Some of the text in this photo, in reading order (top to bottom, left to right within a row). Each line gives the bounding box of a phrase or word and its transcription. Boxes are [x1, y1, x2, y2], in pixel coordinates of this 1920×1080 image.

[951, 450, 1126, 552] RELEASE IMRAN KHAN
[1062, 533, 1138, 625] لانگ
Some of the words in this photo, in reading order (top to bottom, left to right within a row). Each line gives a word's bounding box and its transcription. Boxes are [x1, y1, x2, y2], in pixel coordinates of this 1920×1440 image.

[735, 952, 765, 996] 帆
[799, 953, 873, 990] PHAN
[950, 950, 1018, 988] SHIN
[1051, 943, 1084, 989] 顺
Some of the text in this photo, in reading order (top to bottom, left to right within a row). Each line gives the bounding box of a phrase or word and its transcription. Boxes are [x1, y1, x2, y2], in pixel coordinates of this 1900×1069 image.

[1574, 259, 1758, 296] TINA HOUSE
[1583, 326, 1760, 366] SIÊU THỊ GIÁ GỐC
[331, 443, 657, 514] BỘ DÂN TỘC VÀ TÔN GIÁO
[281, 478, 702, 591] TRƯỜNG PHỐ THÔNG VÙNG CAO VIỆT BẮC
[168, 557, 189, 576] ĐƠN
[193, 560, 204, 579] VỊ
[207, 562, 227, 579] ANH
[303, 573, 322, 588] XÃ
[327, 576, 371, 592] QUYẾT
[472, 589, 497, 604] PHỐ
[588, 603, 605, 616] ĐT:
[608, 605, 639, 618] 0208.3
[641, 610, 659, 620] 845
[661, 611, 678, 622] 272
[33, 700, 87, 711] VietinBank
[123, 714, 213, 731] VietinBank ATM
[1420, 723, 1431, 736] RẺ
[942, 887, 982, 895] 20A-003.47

================================

WHAT TO WORK ON
In the material above, find the line with "this 1900×1069 image."; then copy it and every line after it, exactly, through the end.

EXPECTED OUTPUT
Some of the text in this photo, in reading order (top to bottom, left to right within a row). Each line gives the bounding box of a phrase or word and its transcription. Boxes are [x1, y1, x2, y2], in pixel coordinates of this 1900×1069 image.

[1574, 259, 1758, 296] TINA HOUSE
[1583, 326, 1760, 366] SIÊU THỊ GIÁ GỐC
[331, 443, 657, 514] BỘ DÂN TỘC VÀ TÔN GIÁO
[281, 478, 702, 591] TRƯỜNG PHỐ THÔNG VÙNG CAO VIỆT BẮC
[168, 557, 189, 576] ĐƠN
[193, 560, 204, 579] VỊ
[207, 562, 227, 579] ANH
[303, 573, 322, 588] XÃ
[327, 576, 371, 592] QUYẾT
[472, 589, 497, 604] PHỐ
[588, 603, 605, 616] ĐT:
[608, 605, 639, 618] 0208.3
[641, 610, 659, 620] 845
[661, 611, 678, 622] 272
[33, 700, 87, 711] VietinBank
[123, 714, 213, 731] VietinBank ATM
[1420, 723, 1431, 736] RẺ
[942, 887, 982, 895] 20A-003.47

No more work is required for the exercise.